[WORK TO BE COMPLETED]: With all images left out, restate the records below exactly as written.

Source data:

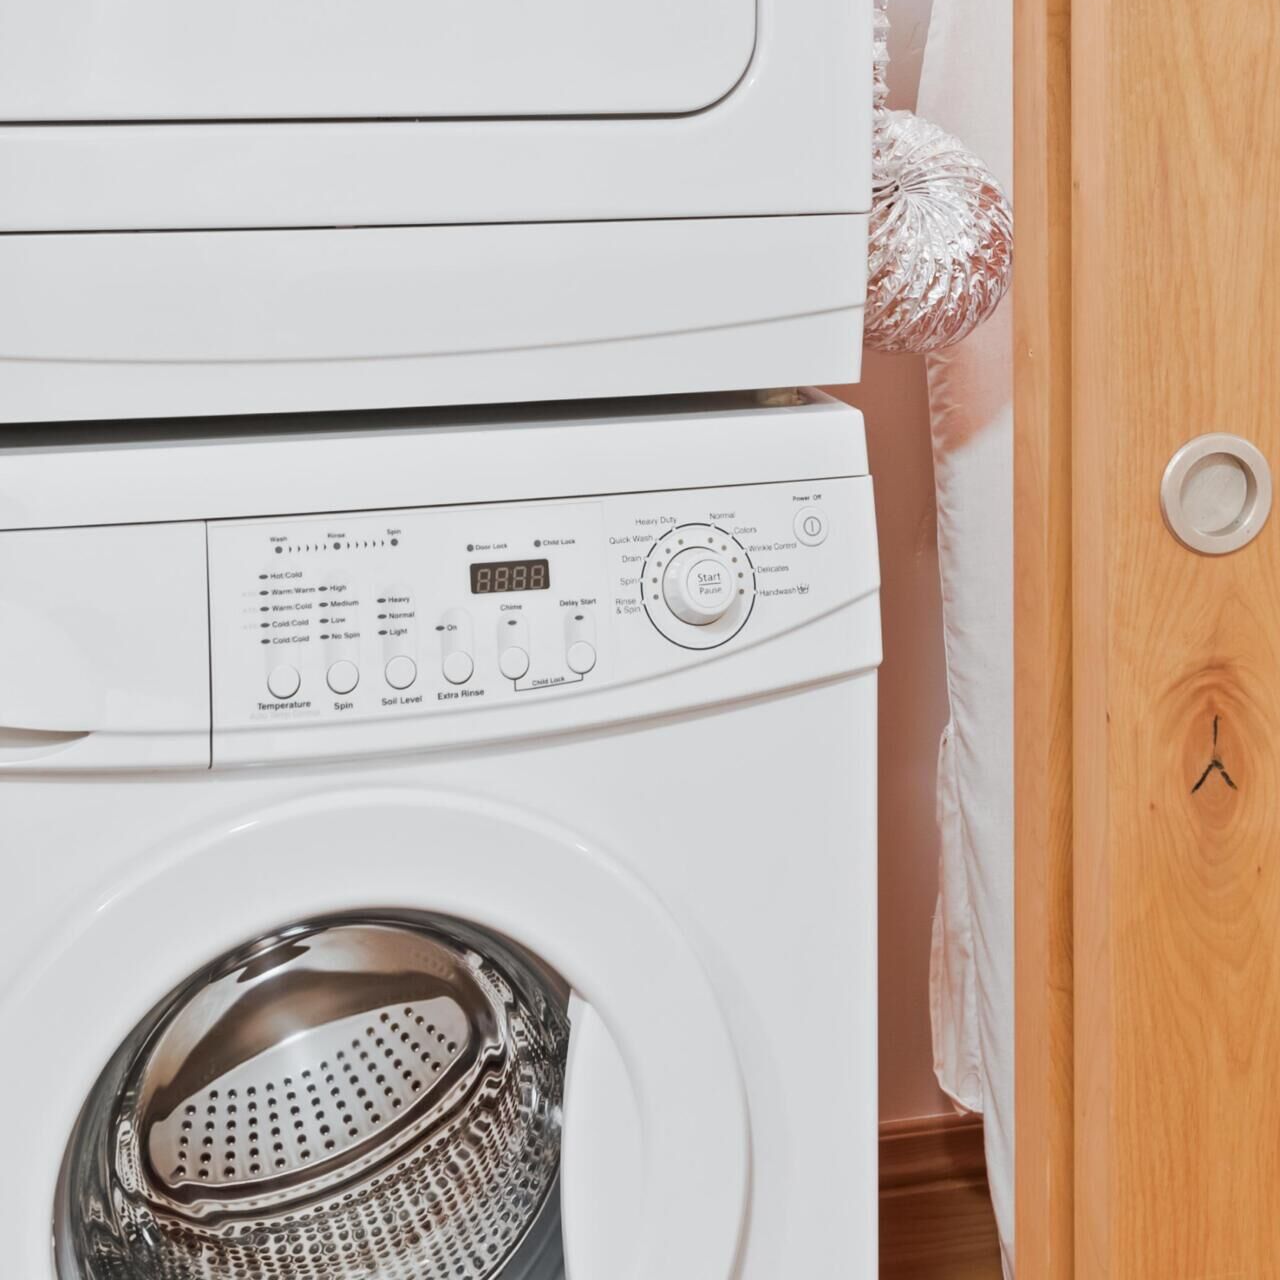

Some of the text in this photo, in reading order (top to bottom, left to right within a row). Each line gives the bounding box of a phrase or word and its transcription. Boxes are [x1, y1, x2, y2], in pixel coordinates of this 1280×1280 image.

[792, 494, 810, 502] Power
[635, 515, 677, 526] Heavy Duty
[709, 511, 735, 520] Normal
[386, 527, 402, 536] Spin
[734, 525, 757, 535] Colors
[270, 535, 288, 543] Wash
[543, 538, 560, 547] Child
[609, 533, 653, 546] Quick Wash
[475, 542, 508, 551] Door Lock
[748, 541, 797, 553] Wrinkle Control
[621, 554, 642, 564] Drain
[757, 564, 790, 573] Delicates
[619, 576, 638, 587] Spin
[697, 572, 721, 584] Start
[329, 584, 347, 593] High
[699, 586, 722, 596] Pause
[759, 586, 797, 597] Handwash
[330, 599, 359, 608] Medium
[387, 595, 410, 605] Heavy
[559, 597, 597, 608] Delay Start
[615, 597, 637, 606] Rinse
[500, 603, 523, 612] Chime
[623, 605, 641, 616] Spin
[389, 610, 415, 620] Normal
[389, 627, 408, 637] Light
[446, 624, 458, 632] On
[331, 631, 361, 641] No Spin
[531, 675, 566, 687] Child Lock
[437, 687, 485, 701] Extra Rinse
[257, 699, 312, 712] Temperature
[381, 694, 423, 707] Soil Level
[333, 701, 354, 712] Spin

[SOLVED PROBLEM]:
Some of the text in this photo, in reading order (top to bottom, left to right within a row). Each line gives the bounding box of a phrase or word and its transcription. Boxes are [x1, y1, x2, y2], in pixel coordinates of this 1280×1280 image.

[792, 494, 810, 502] Power
[635, 515, 677, 526] Heavy Duty
[709, 511, 735, 520] Normal
[386, 527, 402, 536] Spin
[734, 525, 757, 535] Colors
[270, 535, 288, 543] Wash
[543, 538, 560, 547] Child
[609, 533, 653, 546] Quick Wash
[475, 542, 508, 551] Door Lock
[748, 541, 797, 553] Wrinkle Control
[621, 554, 642, 564] Drain
[757, 564, 790, 573] Delicates
[619, 576, 638, 587] Spin
[697, 572, 721, 584] Start
[329, 584, 347, 593] High
[699, 586, 722, 596] Pause
[759, 586, 797, 597] Handwash
[330, 599, 359, 608] Medium
[387, 595, 410, 605] Heavy
[559, 597, 597, 608] Delay Start
[615, 597, 637, 606] Rinse
[500, 603, 523, 612] Chime
[623, 605, 641, 616] Spin
[389, 610, 415, 620] Normal
[389, 627, 408, 637] Light
[446, 624, 458, 632] On
[331, 631, 361, 641] No Spin
[531, 675, 566, 687] Child Lock
[437, 687, 485, 701] Extra Rinse
[257, 699, 312, 712] Temperature
[381, 694, 423, 707] Soil Level
[333, 701, 354, 712] Spin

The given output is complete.